THE TASK:
Could you print each entry below verbatim while omitting the pictures?

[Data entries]

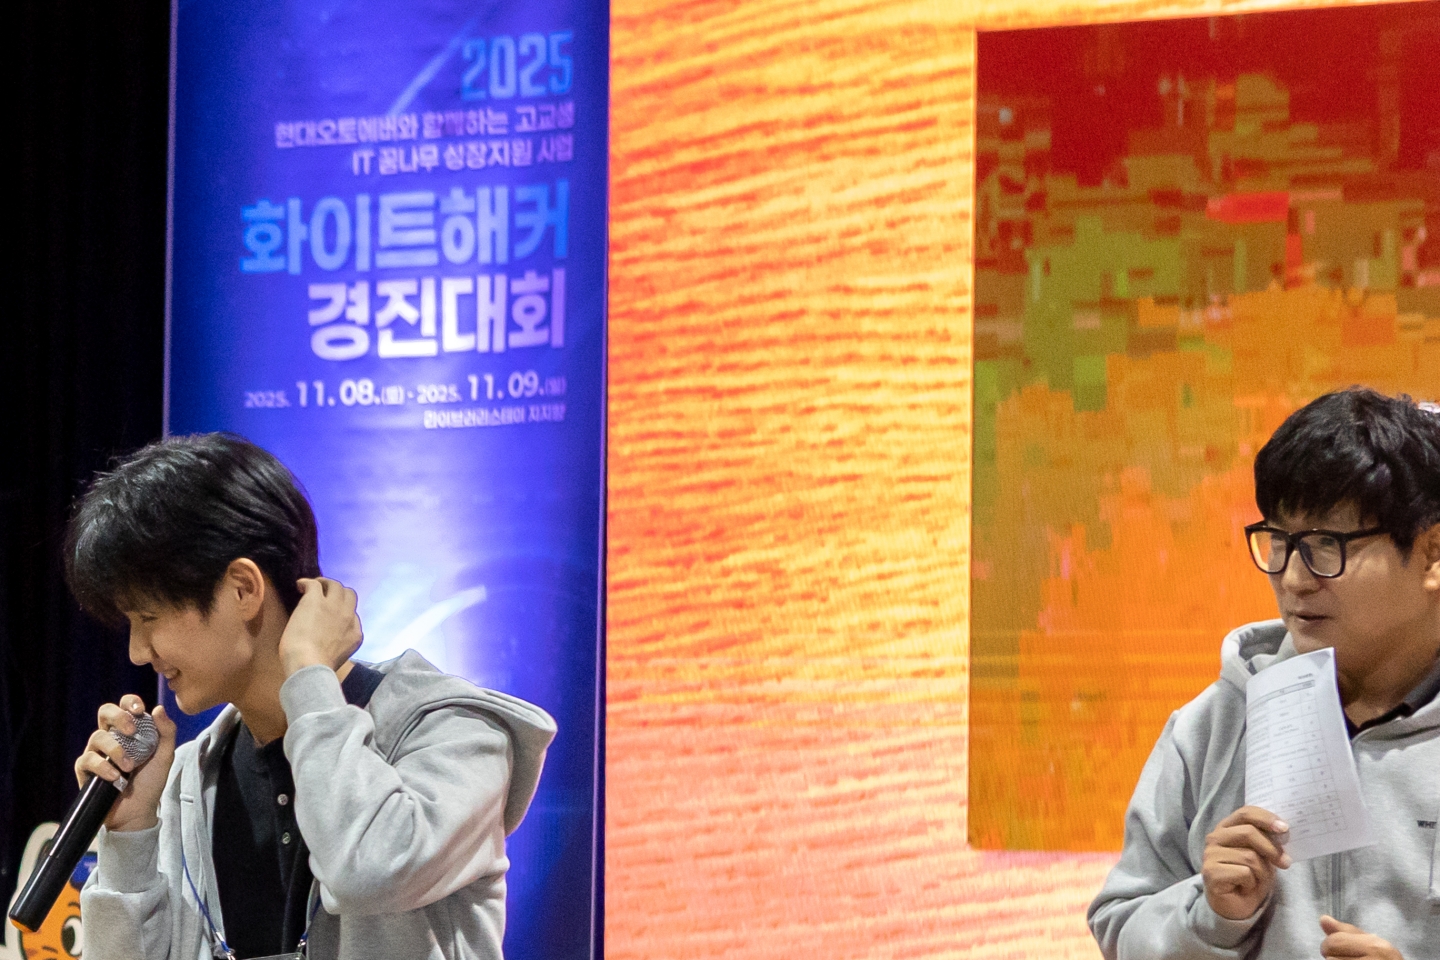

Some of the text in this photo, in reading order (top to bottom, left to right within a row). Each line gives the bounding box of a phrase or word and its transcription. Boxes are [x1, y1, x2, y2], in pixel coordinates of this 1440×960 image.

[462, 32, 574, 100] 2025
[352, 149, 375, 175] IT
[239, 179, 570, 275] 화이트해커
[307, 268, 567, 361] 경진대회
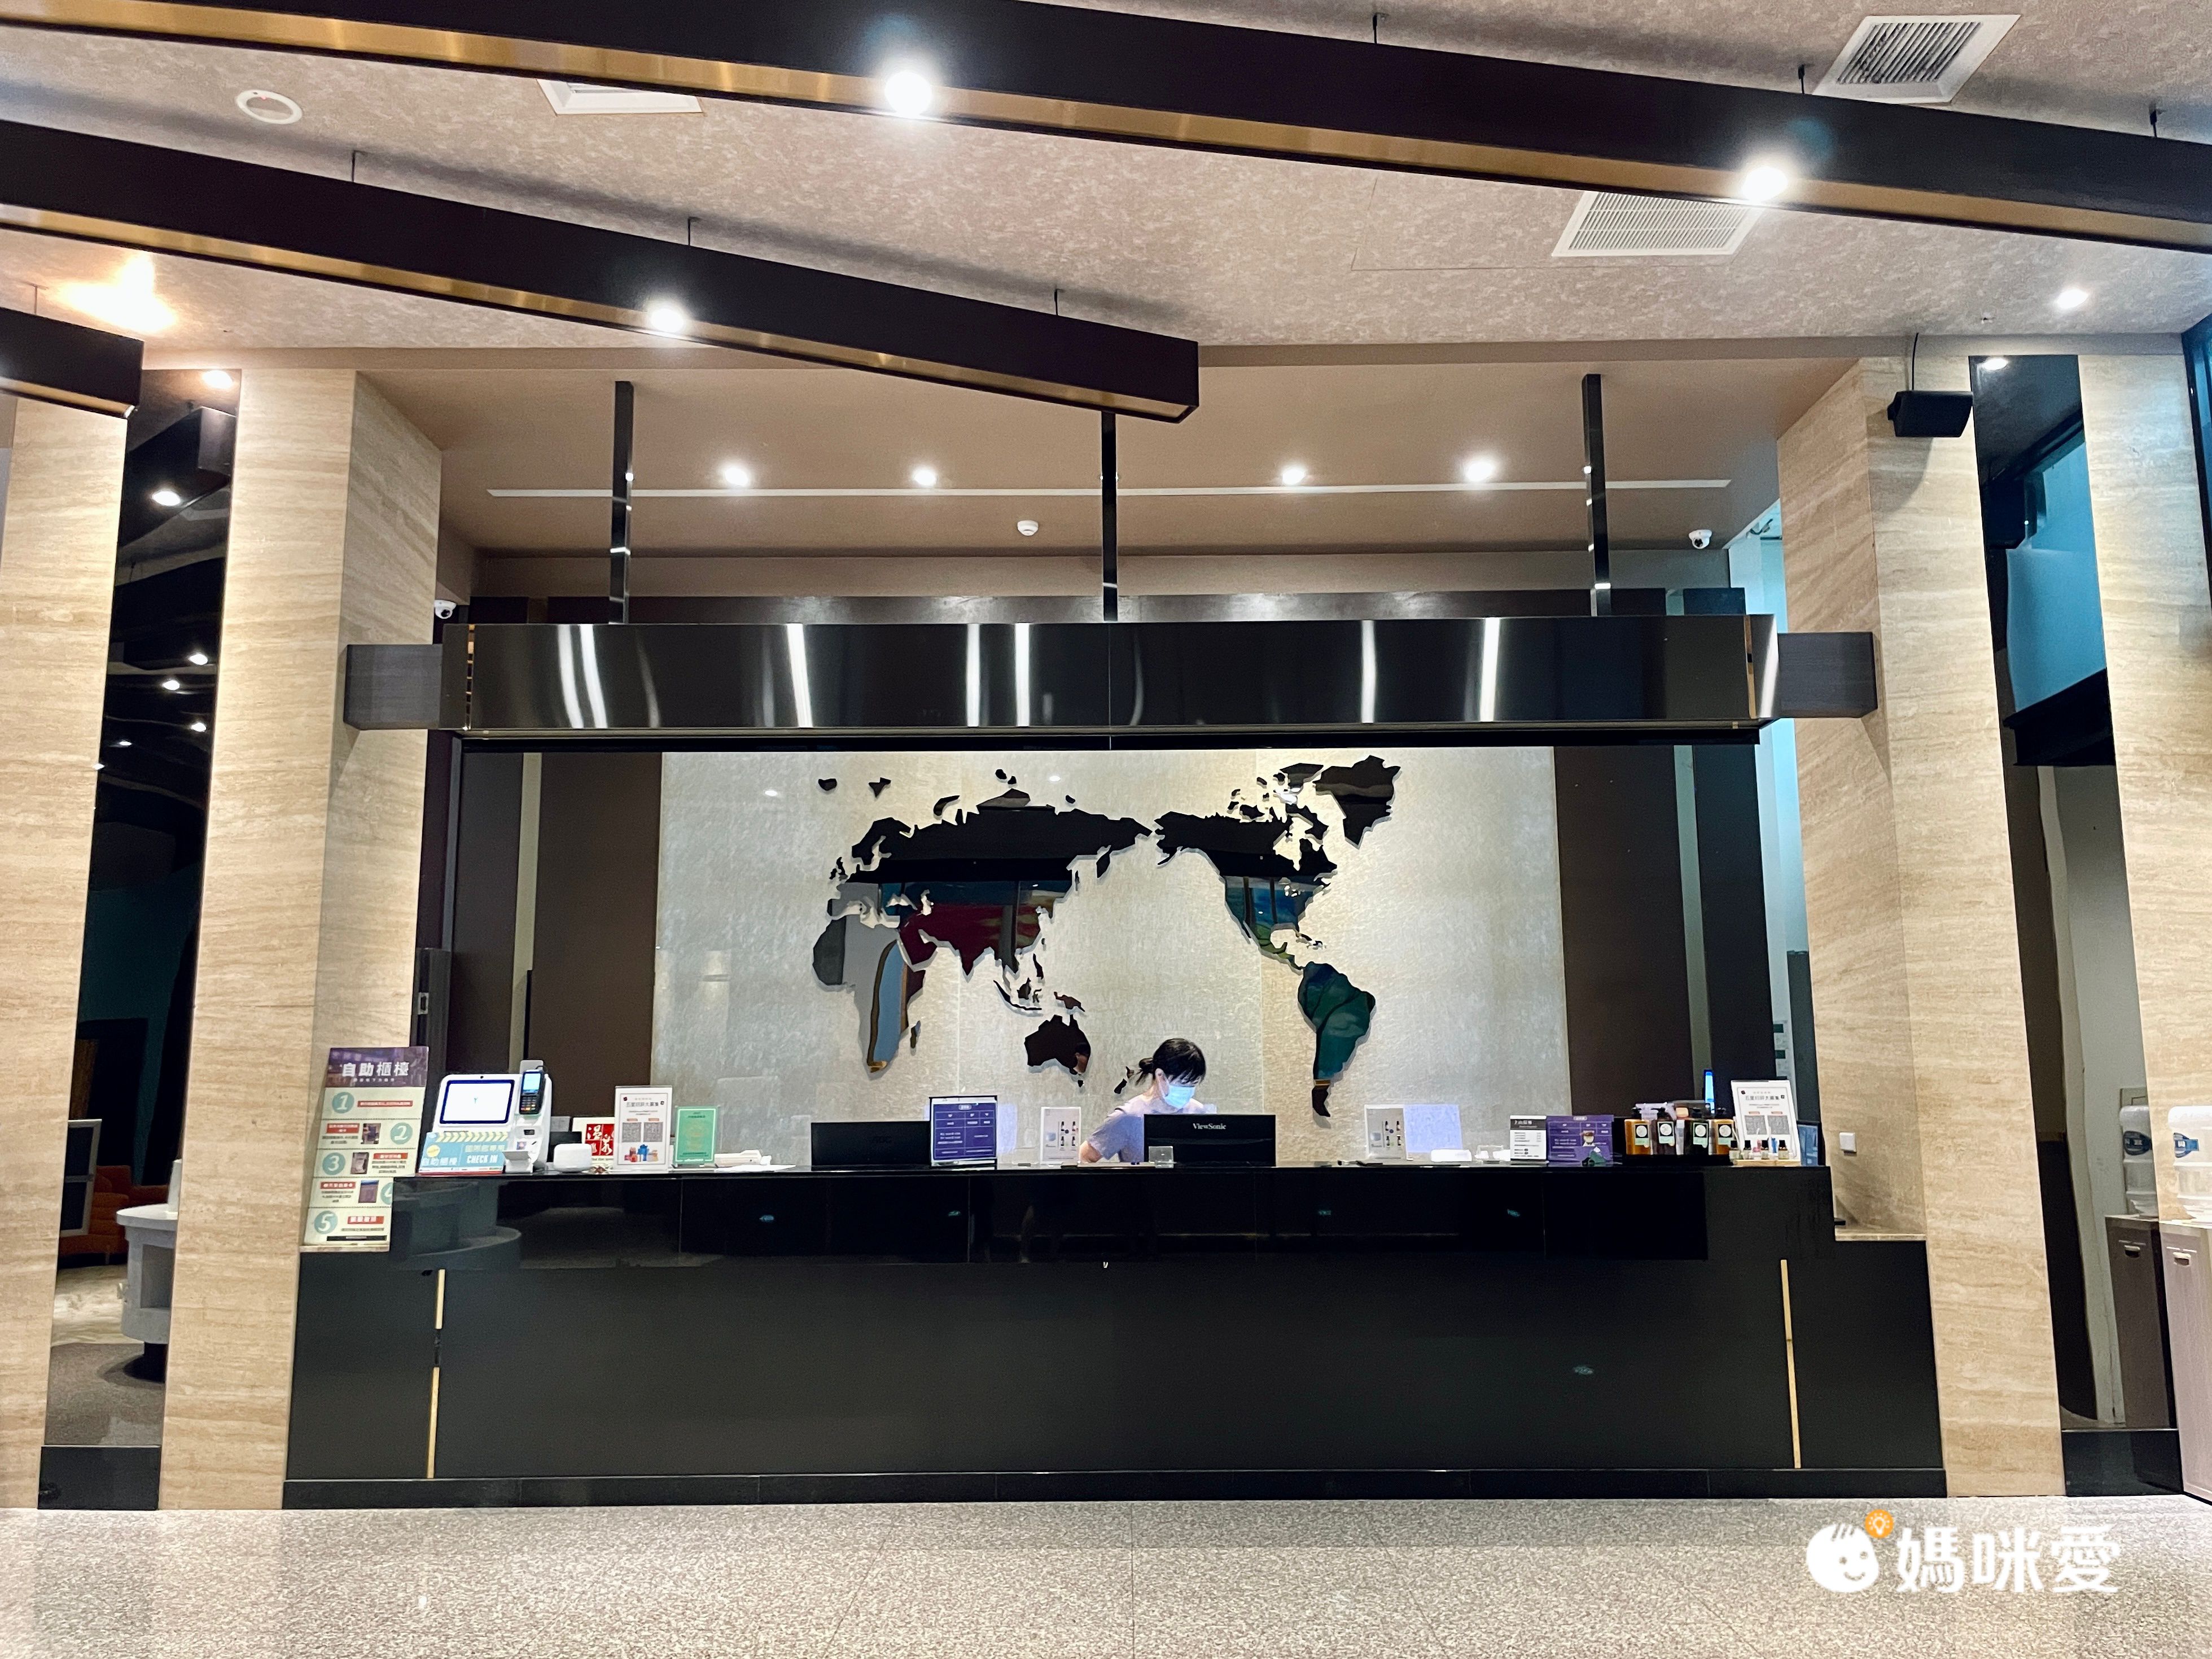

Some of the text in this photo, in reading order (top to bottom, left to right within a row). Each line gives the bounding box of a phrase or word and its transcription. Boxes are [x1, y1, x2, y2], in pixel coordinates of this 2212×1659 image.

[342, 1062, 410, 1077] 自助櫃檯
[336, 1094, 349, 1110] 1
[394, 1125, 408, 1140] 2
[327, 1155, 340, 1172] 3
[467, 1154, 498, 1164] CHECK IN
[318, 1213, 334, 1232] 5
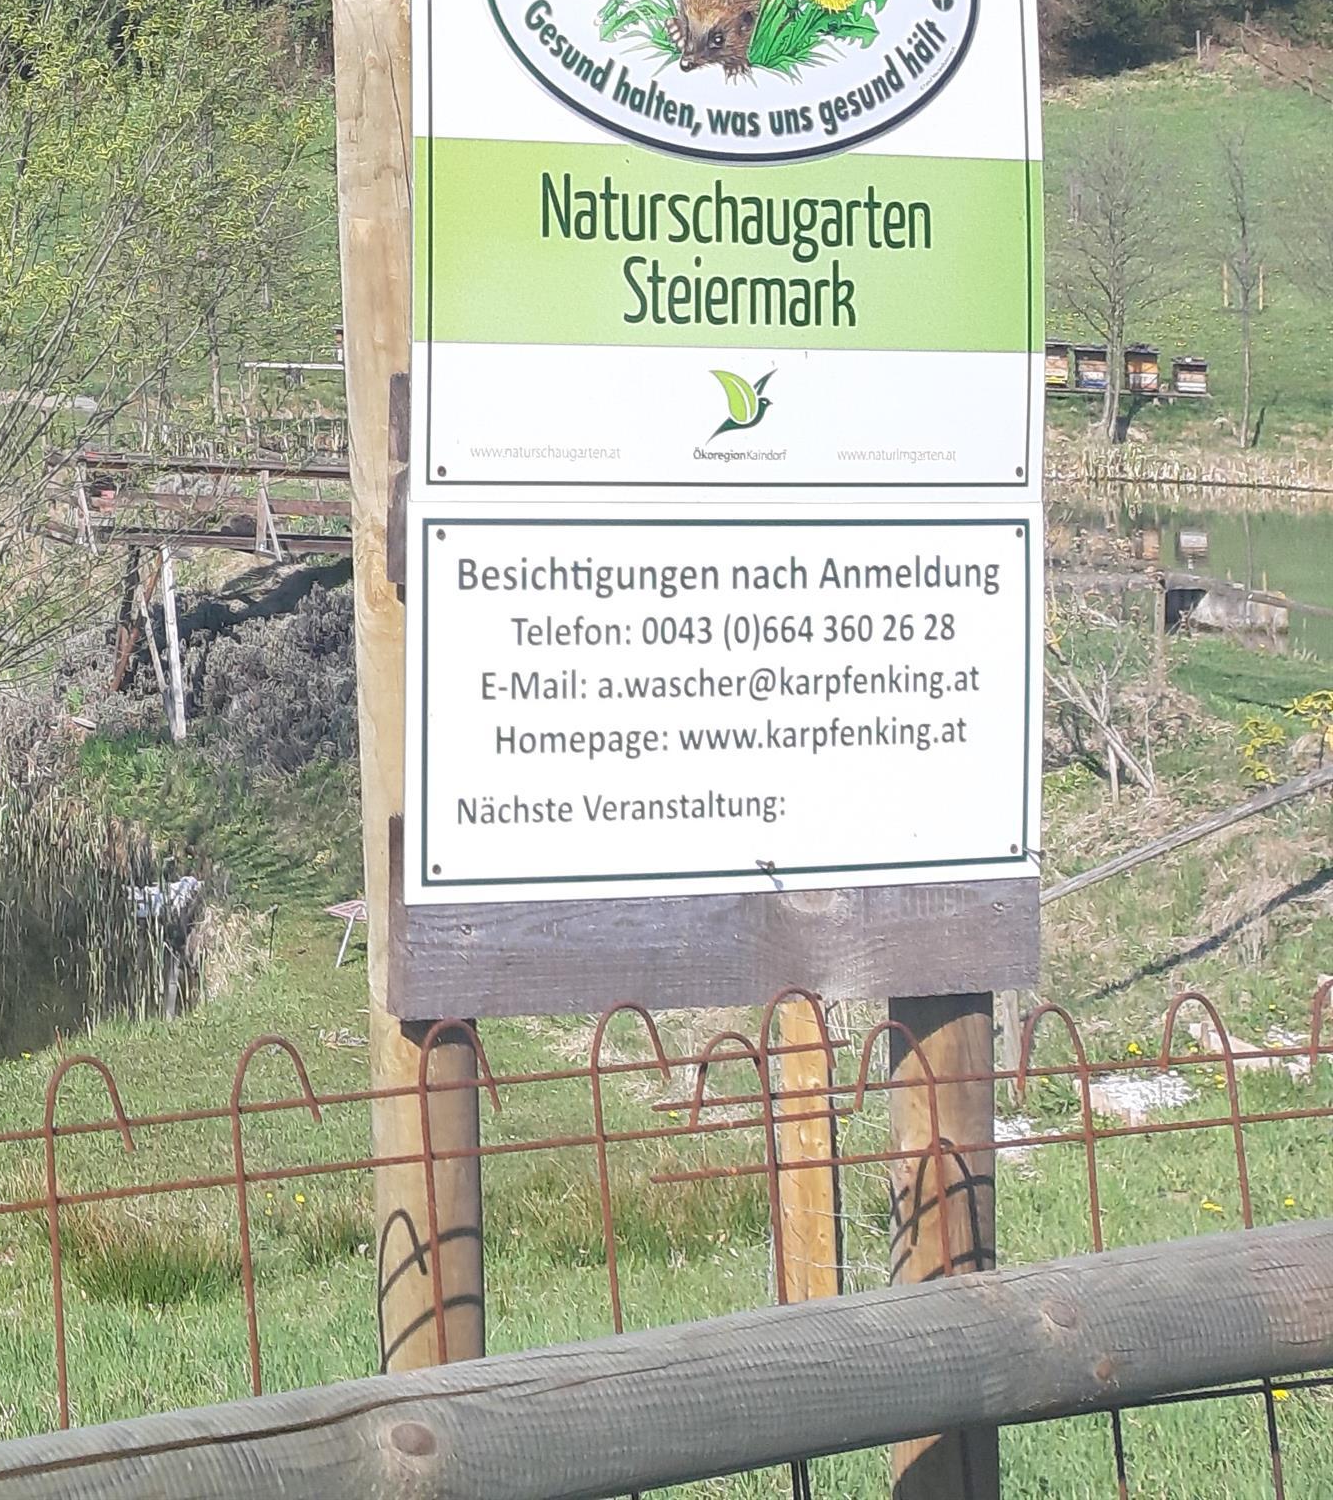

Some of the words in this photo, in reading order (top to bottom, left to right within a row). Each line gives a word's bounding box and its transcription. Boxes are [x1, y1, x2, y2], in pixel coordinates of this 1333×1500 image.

SOLUTION TO THIS PROBLEM:
Some of the text in this photo, in reading order (top to bottom, left to right within a row). Each line gives the bounding box of a phrase or word and its transcription. Boxes are [x1, y1, x2, y2], in pixel coordinates of this 1440×960 image.

[462, 32, 574, 100] 2025
[352, 149, 375, 175] IT
[239, 179, 570, 275] 화이트해커
[307, 268, 567, 361] 경진대회

Some of the text in this photo, in reading order (top to bottom, left to right within a row). Each line gives the bounding box of a phrase or word and its transcription. Boxes are [x1, y1, x2, y2], in pixel coordinates of this 2212×1659 image.

[342, 1062, 410, 1077] 自助櫃檯
[336, 1094, 349, 1110] 1
[394, 1125, 408, 1140] 2
[327, 1155, 340, 1172] 3
[467, 1154, 498, 1164] CHECK IN
[318, 1213, 334, 1232] 5

Some of the words in this photo, in reading order (top to bottom, left to right within a row). Each line gives a word's bounding box and its transcription. Boxes are [x1, y1, x2, y2], in pixel coordinates of this 1333×1500 image.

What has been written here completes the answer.